All A-level tourist spots are admission-free to attract more travelers.

Shi Manlin has enjoyed lower travel expenses during her travels across the country over the past six months after quitting her publishing-house job since the lift of the COVID-19 lockdown.

The 33-year-old and her friend, Lan Yun, recently traveled though Xinjiang, from Hami northward to Altay via Akasu, Ili and Karamay.

They spent two days hiking in Kanas. They hired two guides, rented two horses to carry their luggage and slept in tents.

The short videos Shi posted on WeChat captured the beauty of the bright leaves, sunshine, blue skies and turquoise springs. They mostly met group tours of elderly photographers along their way.

"Autumn is the most beautiful season for Kanas, and there are few tourists since Xinjiang has just reopened. That's why we went," she says.

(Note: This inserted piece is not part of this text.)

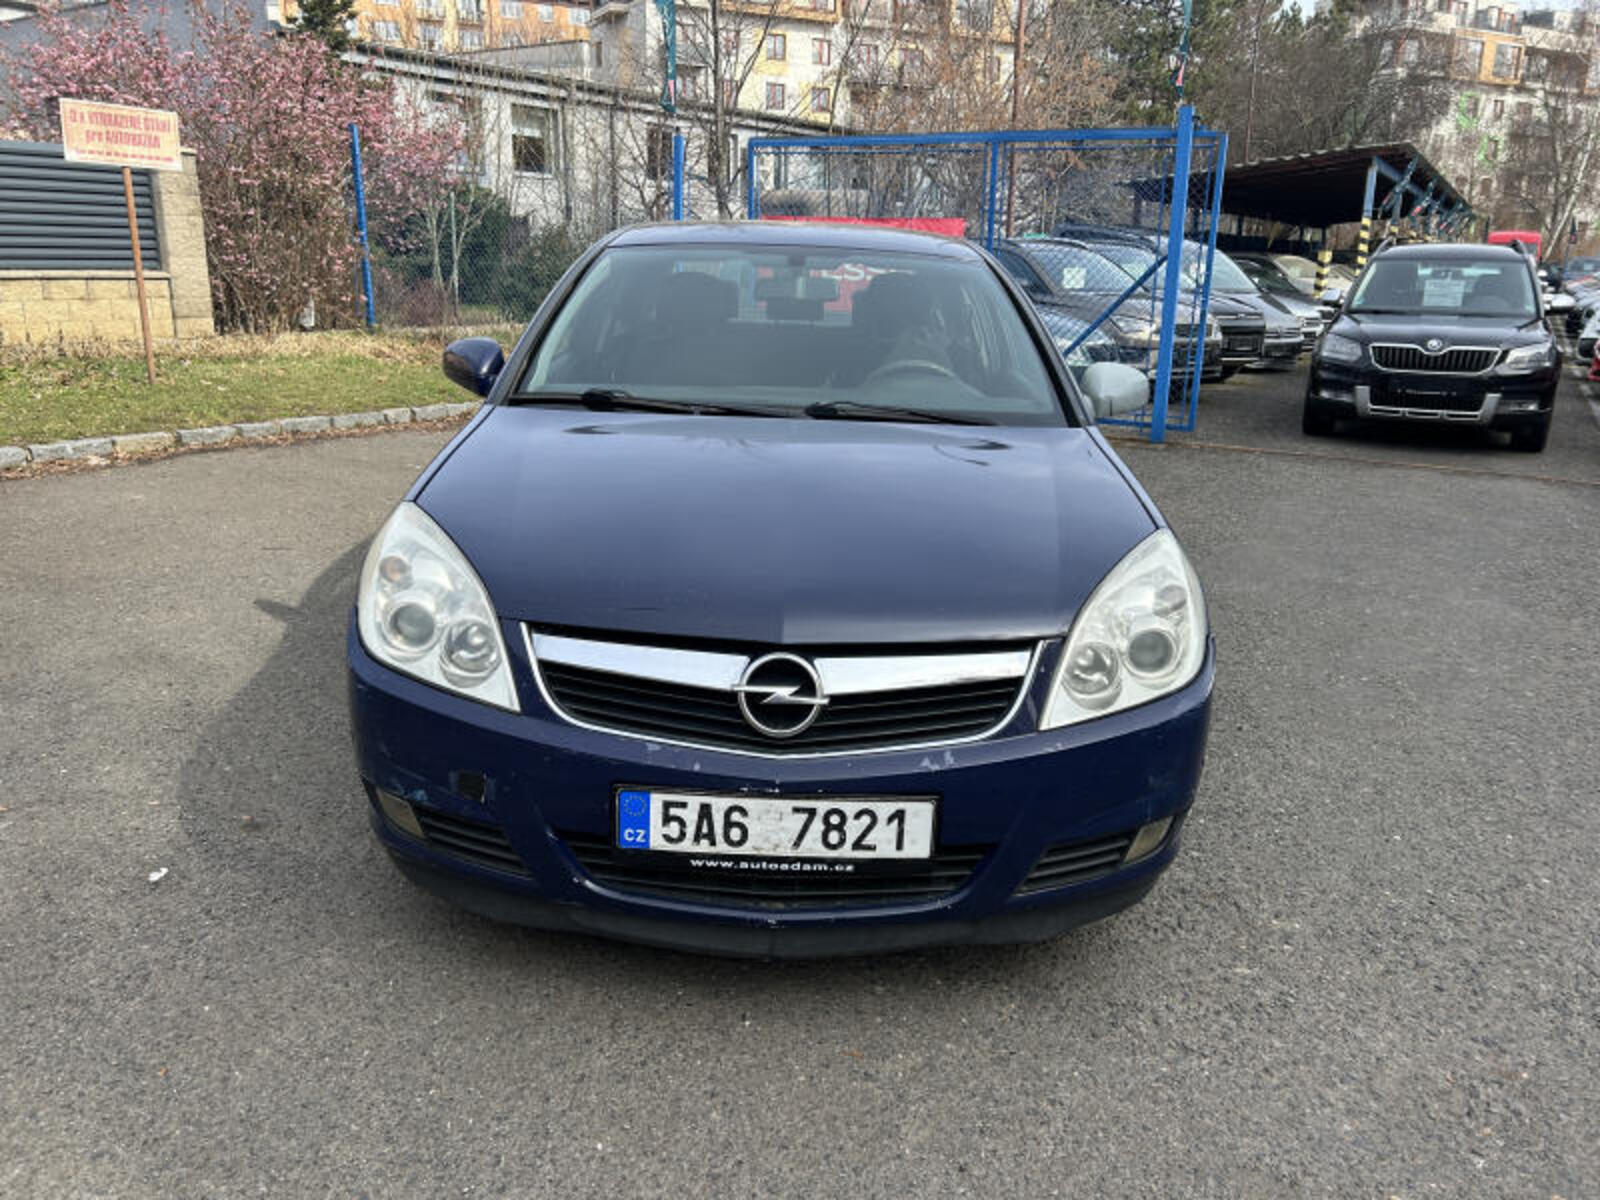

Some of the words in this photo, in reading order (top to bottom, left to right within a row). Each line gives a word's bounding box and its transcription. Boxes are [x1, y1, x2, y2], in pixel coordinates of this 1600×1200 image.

[624, 829, 646, 843] CZ
[661, 800, 749, 848] 5A6
[791, 806, 906, 851] 7821

"There are lots of rooms available in Kanas due to the epidemic. Otherwise, all the hotels would be full."

Shi and Lan also went to another national 5A-level scenic spot, Koktokay, in Altay's Fuyun county.

It's the hometown of Chinese writer Li Juan, whose essays about the traditional nomadic lifestyle of the local Kazak ethnic group have been translated into French and Korean.

Autumn is when herdsmen on horses or motorbikes ride beside the roads, driving sheep, cattle and camels to their winter pastures.

Li Juan faithfully records nomads' migrations and describes the simple white tents that sometimes stand alone on boundless wild land and other times cluster together near grazing sheep and cattle.

There are occasionally camels, too, especially in the Gobi Desert, which hosts little beyond scattered stones. That is, aside from where the sands approach the water, especially the Irtysh River that runs through Altay and empties into the Arctic Ocean.

Tall grass, forests and vast corn and sunflower fields abruptly thrive near its banks. It's a place that reminds us that water is the source of life, in every sense.

Koktokay means green wood in the Kazak language and blue river bend in Mongolian.

The road to Koktokay passes the Irtysh Grand Canyon and the bell-shaped Zhongshan Mountain.

People can hike, drive or cycle in a quiet valley where tall trees, flowers and grass shimmer along the springs.

It's said a cave in the area is scattered with precious stones.

Another major attraction is the Koktokay National Geopark, where the No 3 lobe of a special mine contains 86 minerals, including 26 that are rare, which equals a majority of rare earths on the planet.

The former Soviet Union sent the first miners to the No 3 lobe in the 1930s, after they found sand that contained rare metals in the Irtysh's downstream region and traced their origins to Koktokay.

After New China's founding in 1949, the two countries signed an agreement to co-mine the site that ended in 1955, when China started running it independently.